Previous datasets related to Sports

Yes, there are datasets related to sports such as Youtube 8M, but ask yourself “Do you want to work on 8 million videos?”, “How can you trust the annotation of 8M videos which were generated using user tags”. “How can people in collect the dataset where youtube is not accessible or internet is not reliable?”. I don’t know about others, but I don’t have the resources to work on this dataset. Some may even say that UCF101 and HMDB51 have a sports category. Yes, it has a sports category. But ask yourself, does it cover the broadcast sports category? Dose these datasets cover the internal game actions or views? More specifically, none of these datasets differentiate between street sports and broadcasted sports game.

What is the difference between amateur sports video and professionally broadcast videos?

I won't explain amateur videos here; such videos usually have an “Egocentric vision” or “first-person vision”. See https://en.wikipedia.org/wiki/Egocentric_vision for details.

On the other hand, Broadcast sports videos capture the same point from multiple cameras at different angles and astonishingly none of the view stays for more than a couple of seconds. Scientifically speaking, there is no continuity within the frames. See the figure below and try to visualize it. If we closely look at the first row of the figure below, it can be noticed that the camera is switching, the zoom and pan levels are changing. In the second row, it can be observed that the camera is moving along with the players while zooming, even switching at some points.

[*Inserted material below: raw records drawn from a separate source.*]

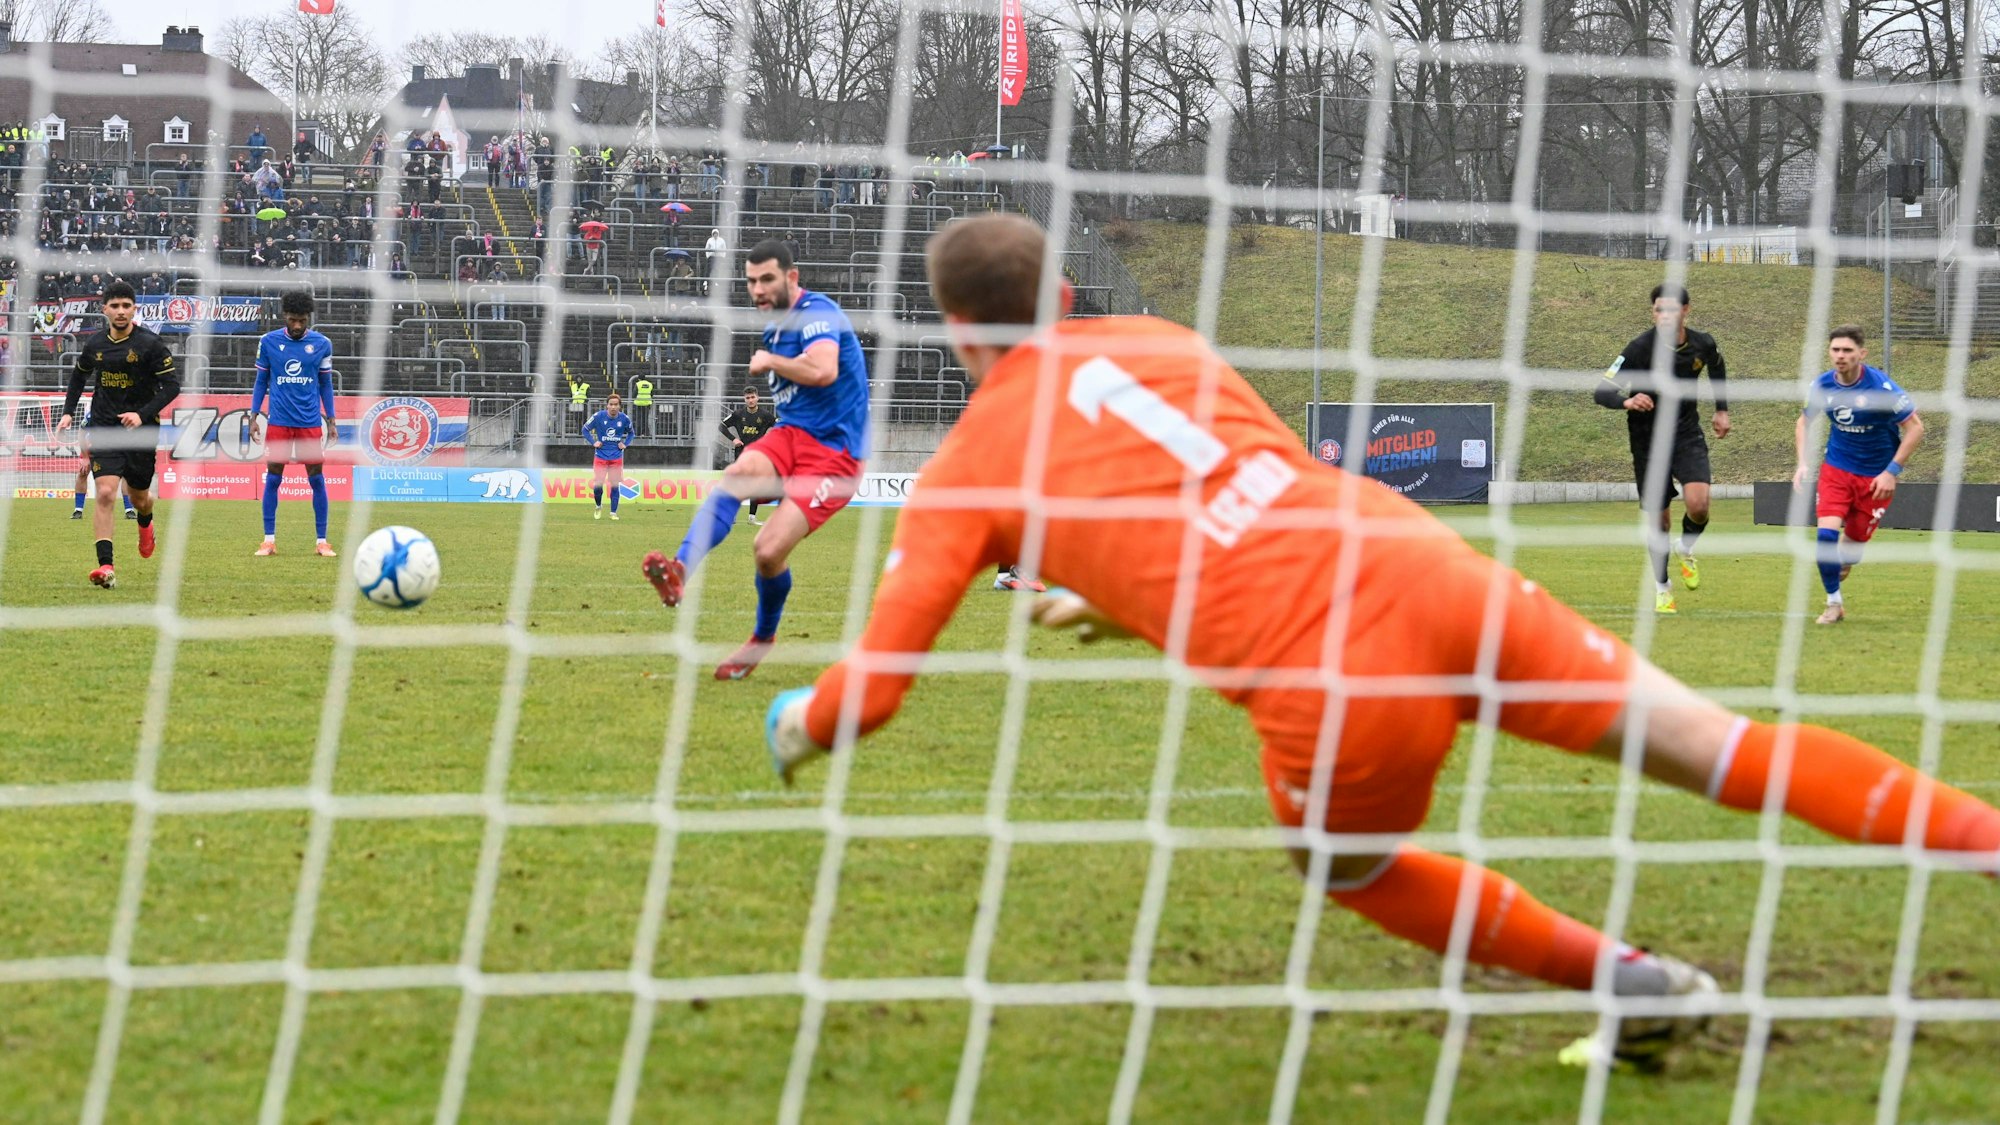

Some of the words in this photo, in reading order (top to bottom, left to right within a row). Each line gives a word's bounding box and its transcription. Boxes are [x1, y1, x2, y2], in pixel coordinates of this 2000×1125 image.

[1005, 0, 1017, 62] RIEDE
[208, 296, 259, 321] Verein
[101, 371, 128, 380] Rhein
[276, 376, 314, 386] greeny+
[366, 397, 436, 421] WUPPERTALER
[1067, 356, 1229, 477] 1
[1372, 418, 1388, 435] EINER
[1387, 413, 1400, 424] FÜR
[1401, 415, 1415, 425] ALLE
[1366, 429, 1436, 458] MITGLIED
[1366, 445, 1437, 475] WERDEN!
[181, 474, 250, 485] Stadtsparkasse
[281, 475, 347, 485] Stadtsasse
[370, 467, 444, 481] Lückenhaus
[389, 486, 425, 495] Cramer
[857, 478, 914, 497] UTSC
[1404, 472, 1429, 493] ROT-BLAU
[18, 490, 47, 498] WEST
[56, 490, 80, 498] LOT
[181, 486, 229, 496] Wuppertal
[279, 487, 313, 496] Wuppe

Where did you gather the videos?

From the internet and TV channels.

What can this dataset be used for?

It can be used for testing your ideas, training your deep learning models. Nevertheless, Applications are vast. I have used it for broadcast sports video classification. The proposed model can accurately detect the type of sports in real-world scenarios. The reason for classifying the sports video is that different sports have different ruleset and have different views and situations. RICAPS have the state-of-the-art accuracy, we opened a field and closed it.

Hint for future work: Using the sports category and playfield scenarios, automatic highlights can be generated.

About the dataset

SP-2 dataset contains above 23,000 video clips of various durations. These video clips are extracted from full length broadcasted sports videos. The sports class, playfield scenario, and game actions are annotated accordingly (see table below for game actions). These videos belong to fourteen different categories of sports i.e. snooker, volleyball, ice hockey, basketball, baseball, rugby, tennis, handball, hockey, badminton, table tennis, cricket, football, and soccer. The following figure shows Some sample along with sports category, and playfield scenario/game action.

The videos in sports action categories have a minimum of 10 groups to 14 groups, where each group can consist of 150 videos (on average) of relevant sport game action. The videos from the same group may share some common features, such as similar background, similar viewpoint, etc. as they were cropped from the same season or same long duration video of sports.

Download Videos

The videos in this dataset are approximate 10 Gigabytes in size with varying durations. These videos are shared via Microsoft OneDrive business account (other mirrors can be arranged on demand. Please refer to contact info.) Videos can be downloaded from here.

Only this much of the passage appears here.